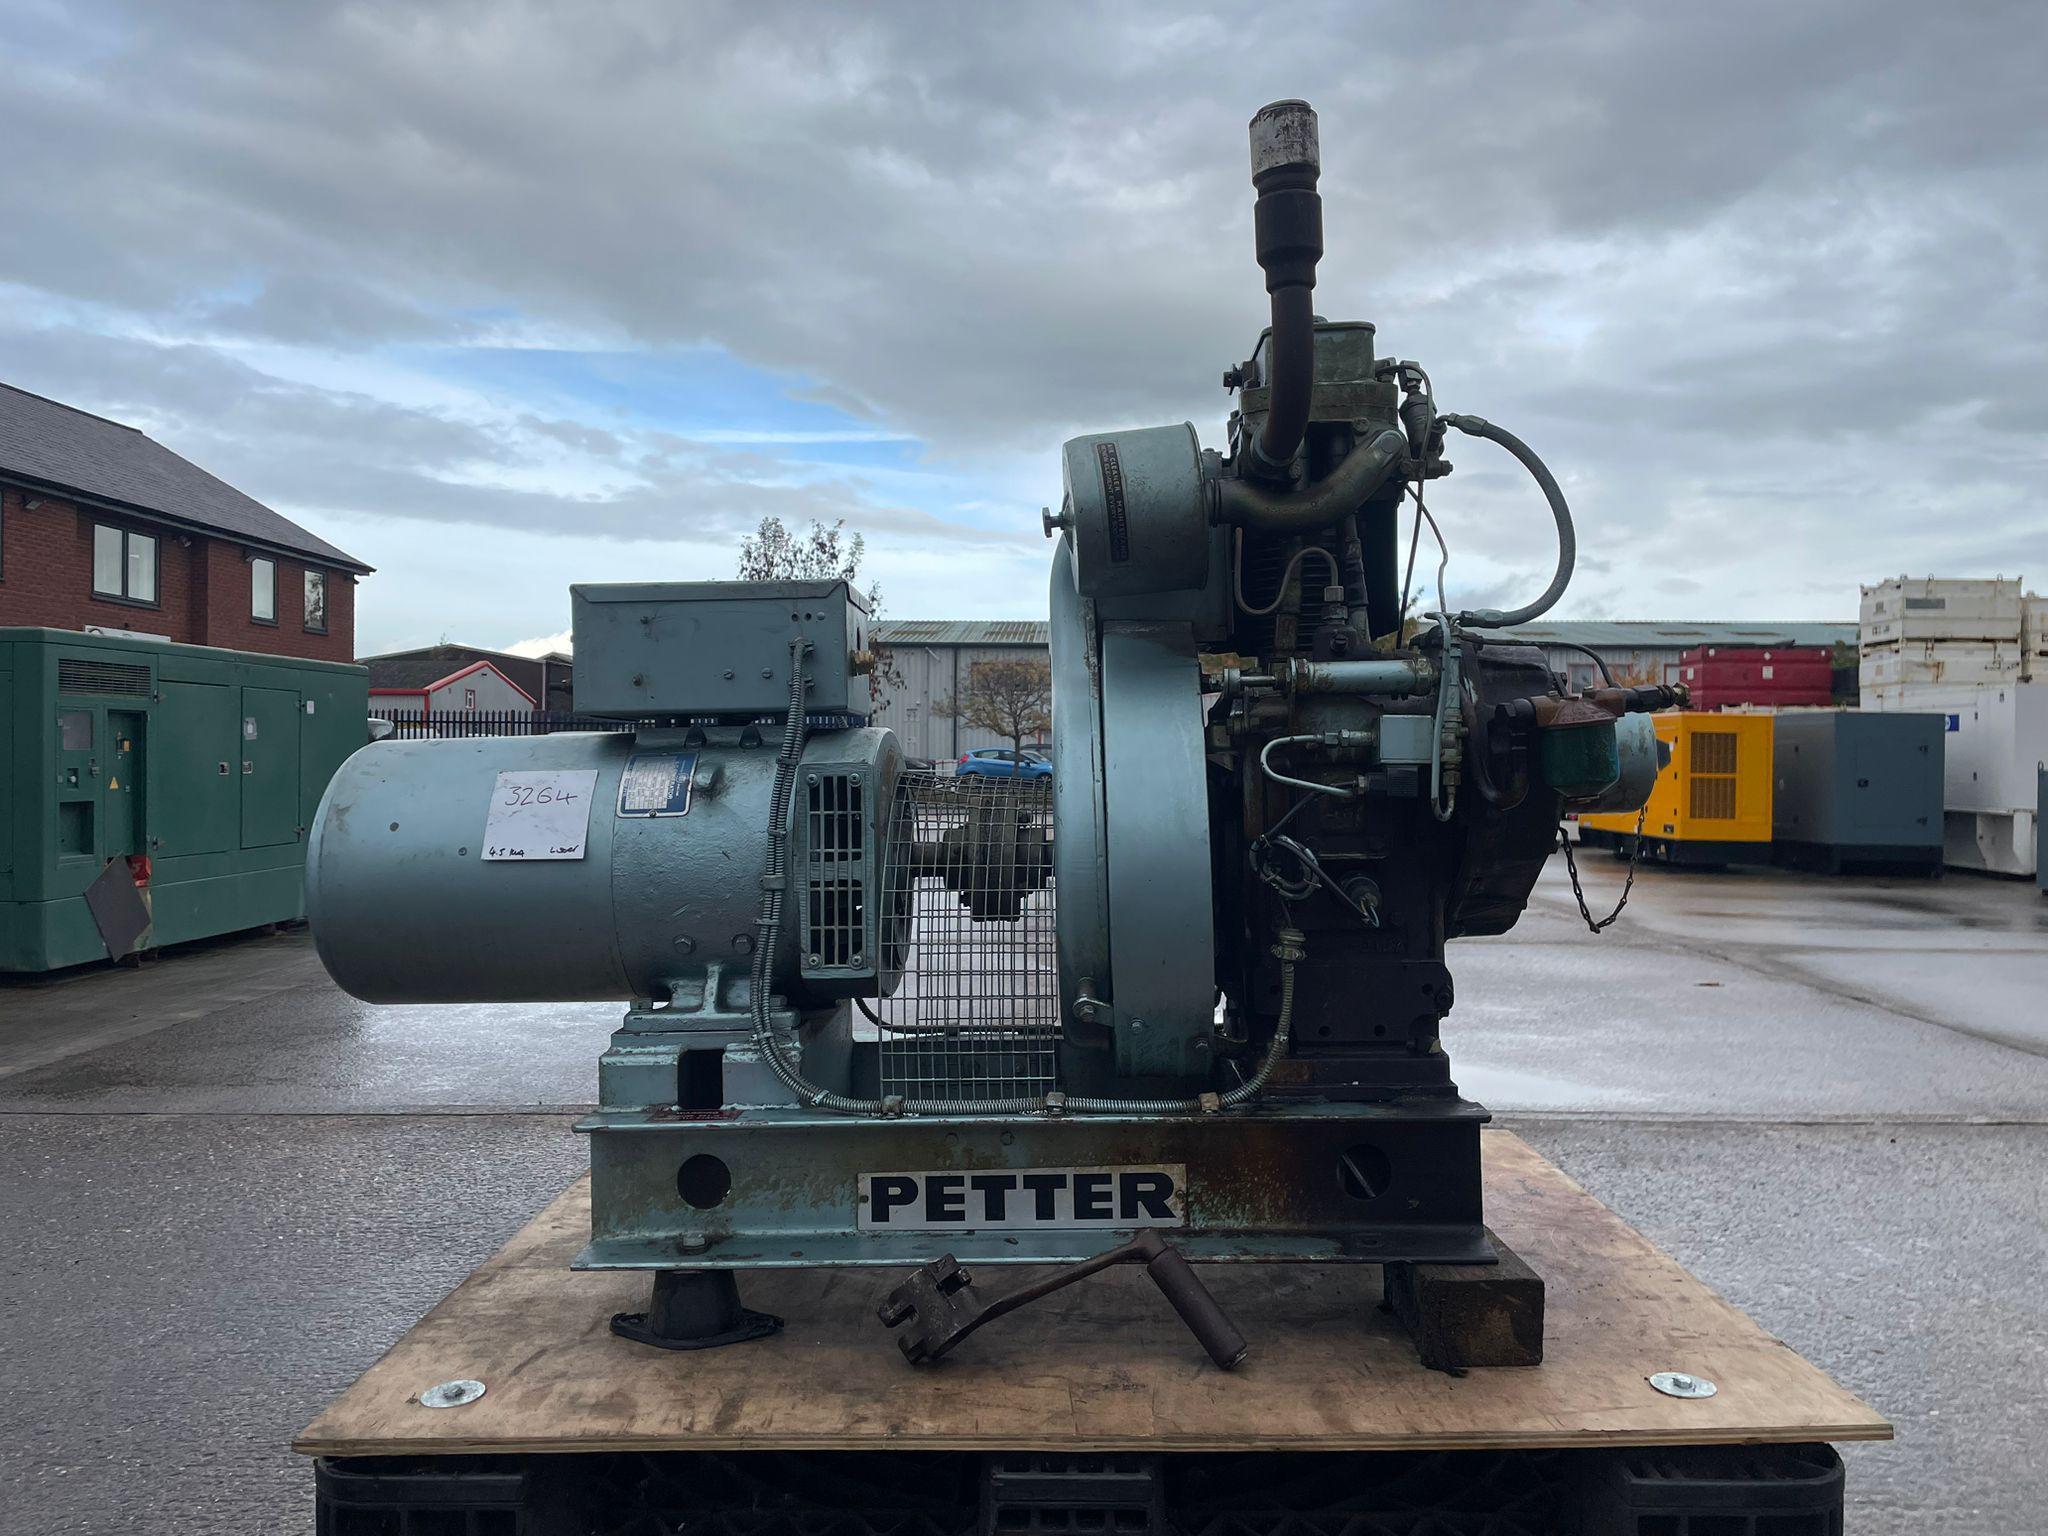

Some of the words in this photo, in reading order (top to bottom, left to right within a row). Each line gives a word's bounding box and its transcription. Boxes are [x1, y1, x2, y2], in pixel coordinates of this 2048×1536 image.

[504, 786, 578, 806] 3264
[489, 846, 506, 857] 4.5
[870, 1172, 1177, 1223] PETTER
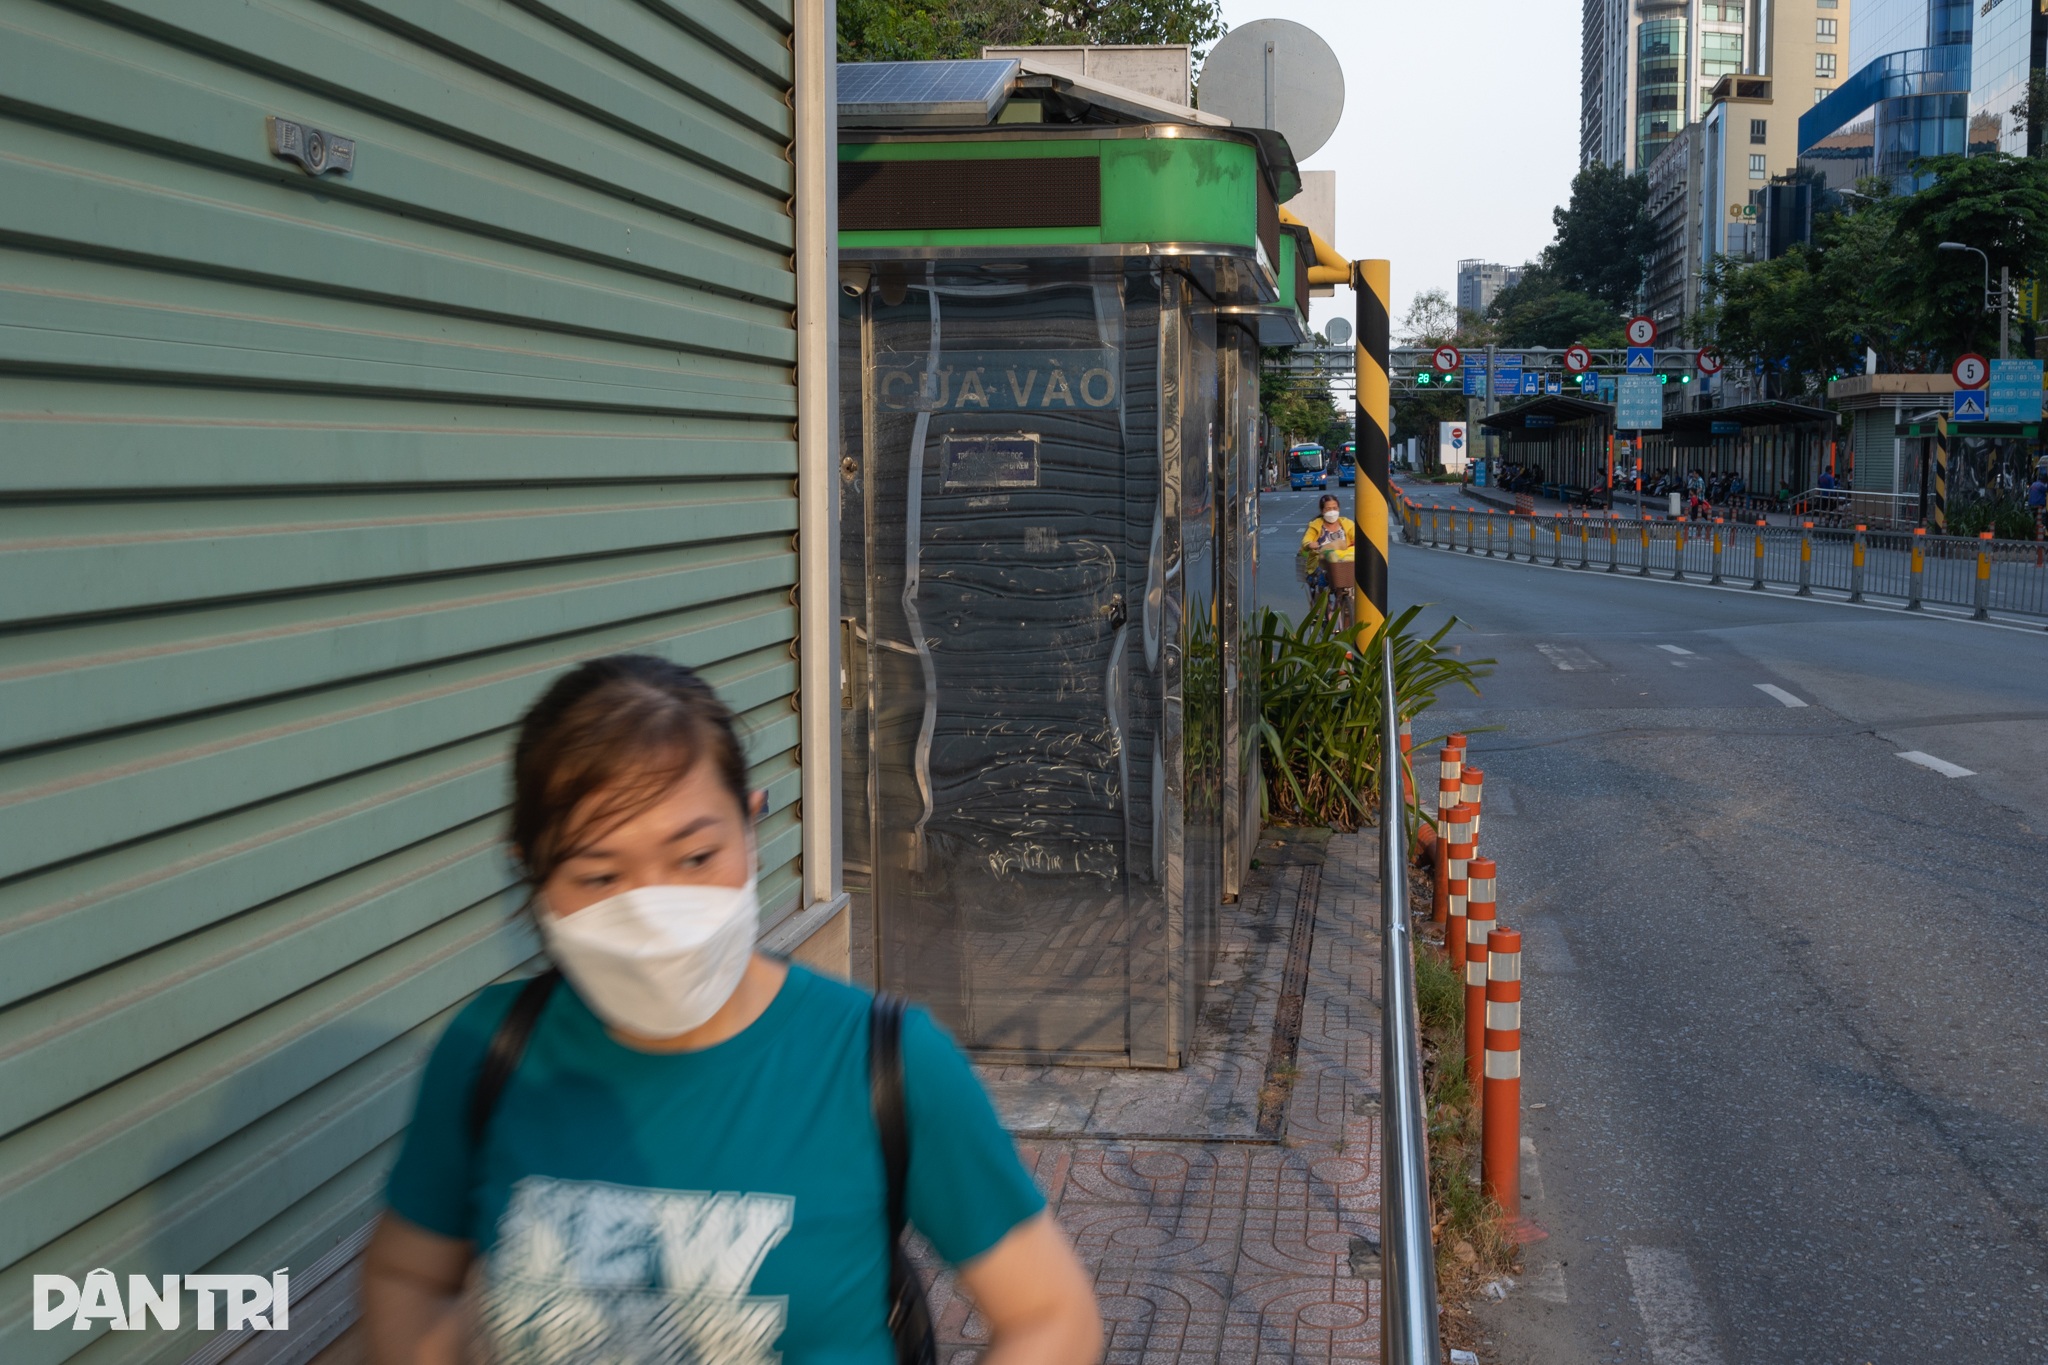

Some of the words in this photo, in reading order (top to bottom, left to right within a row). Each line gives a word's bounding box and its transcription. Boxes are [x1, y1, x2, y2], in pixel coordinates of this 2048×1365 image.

[1638, 325, 1645, 338] 5
[1966, 363, 1975, 379] 5
[1006, 359, 1117, 407] VÀO
[1417, 373, 1430, 384] 28
__________________________________________________
== Assigned task ==
Could you please return each line of the material exactly, dropping the pictures?

== Solution ==
Some of the words in this photo, in reading order (top to bottom, left to right within a row). Each line gives a word's bounding box and its transcription. Boxes are [x1, y1, x2, y2], in pixel coordinates of this 2048×1536 image.

[504, 786, 578, 806] 3264
[489, 846, 506, 857] 4.5
[870, 1172, 1177, 1223] PETTER

Some of the words in this photo, in reading order (top to bottom, left to right within a row). Each line gives a word's bounding box and its transcription. Boxes are [x1, y1, x2, y2], in pixel coordinates of this 2048×1365 image.

[1638, 325, 1645, 338] 5
[1966, 363, 1975, 379] 5
[1006, 359, 1117, 407] VÀO
[1417, 373, 1430, 384] 28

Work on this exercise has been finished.